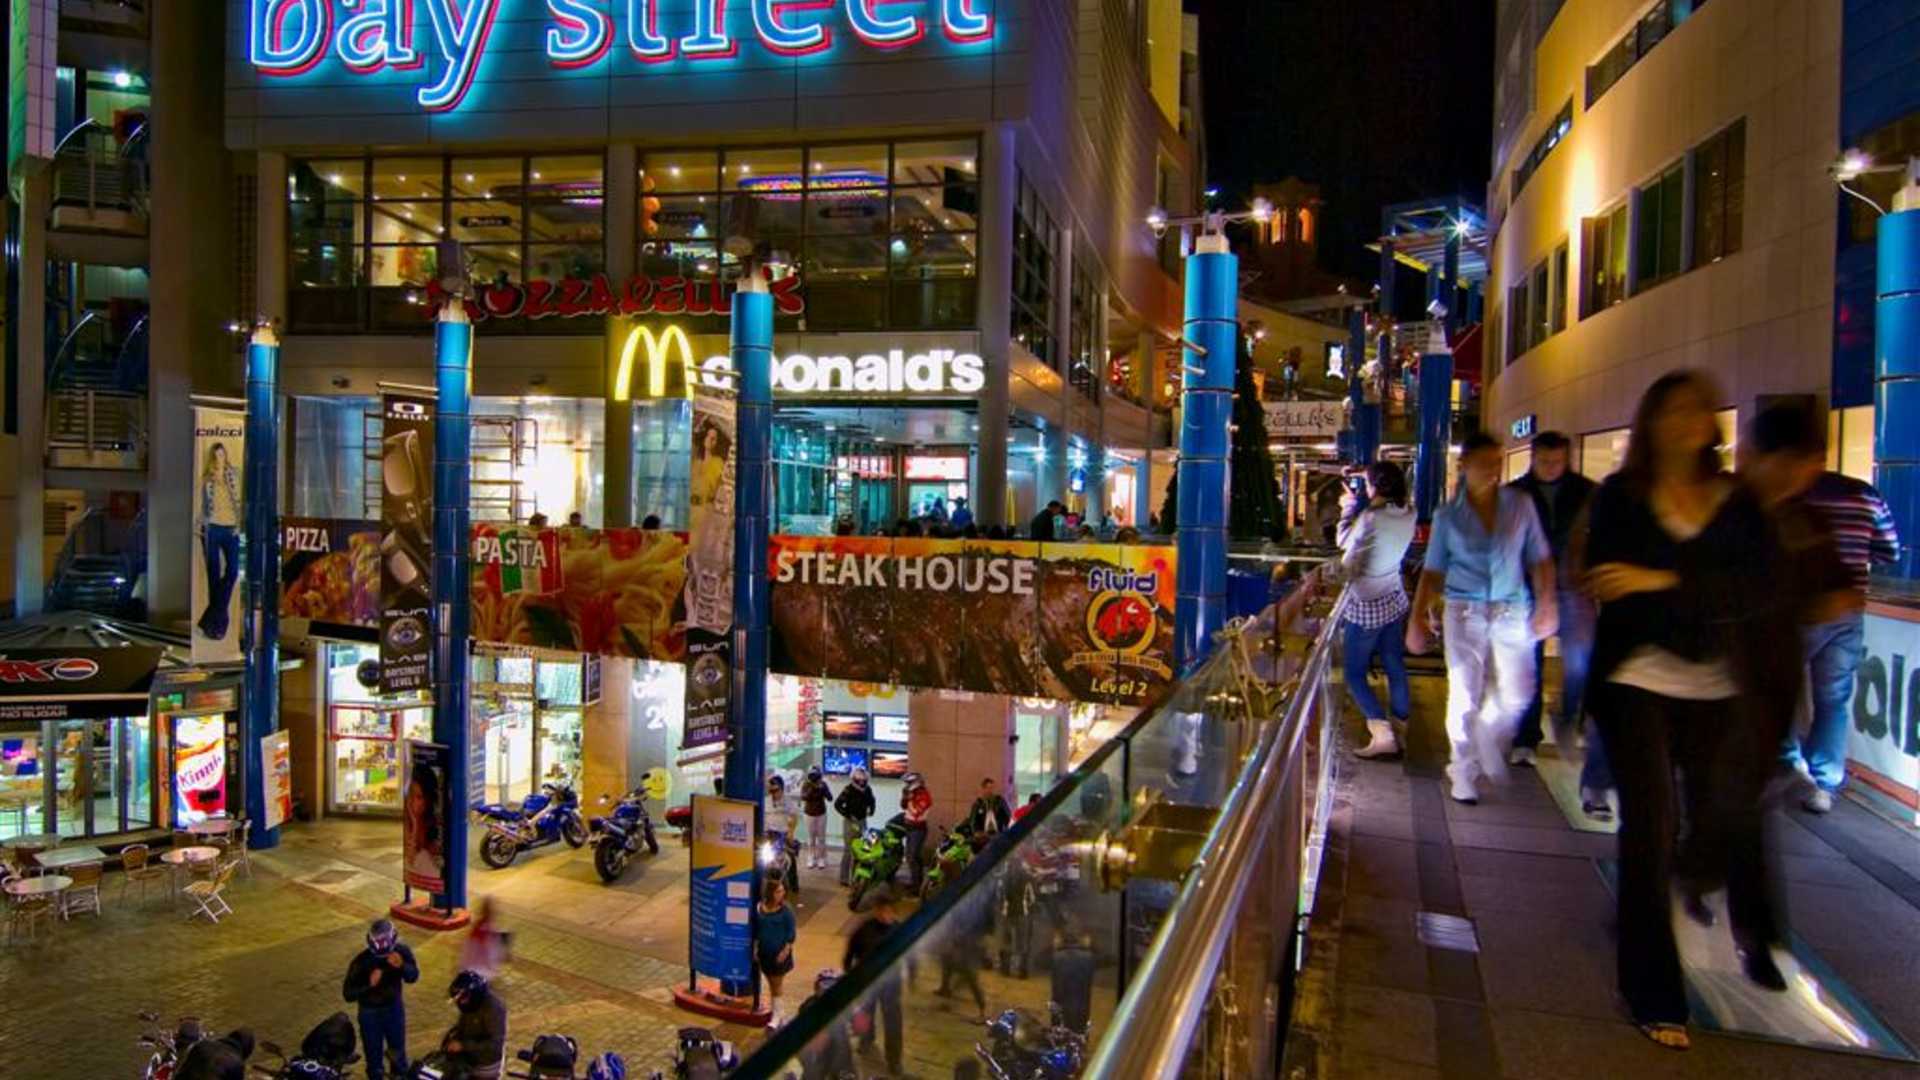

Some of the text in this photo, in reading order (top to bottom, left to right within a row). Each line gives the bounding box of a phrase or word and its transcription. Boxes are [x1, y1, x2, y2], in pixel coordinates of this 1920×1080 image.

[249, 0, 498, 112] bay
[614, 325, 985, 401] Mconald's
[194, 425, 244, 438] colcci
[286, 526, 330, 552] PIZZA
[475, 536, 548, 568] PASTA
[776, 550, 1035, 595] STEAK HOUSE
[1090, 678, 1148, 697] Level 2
------------
- [Task description] Exact duplicates of all the entries are required, and no image may appear in them.

- [Written reply]
Some of the text in this photo, in reading order (top to bottom, left to right within a row). Each line gives the bounding box of a phrase or word and its transcription. Boxes are [x1, y1, x2, y2], in pixel coordinates of this 1920×1080 image.

[249, 0, 498, 112] bay
[614, 325, 985, 401] Mconald's
[194, 425, 244, 438] colcci
[286, 526, 330, 552] PIZZA
[475, 536, 548, 568] PASTA
[776, 550, 1035, 595] STEAK HOUSE
[1090, 678, 1148, 697] Level 2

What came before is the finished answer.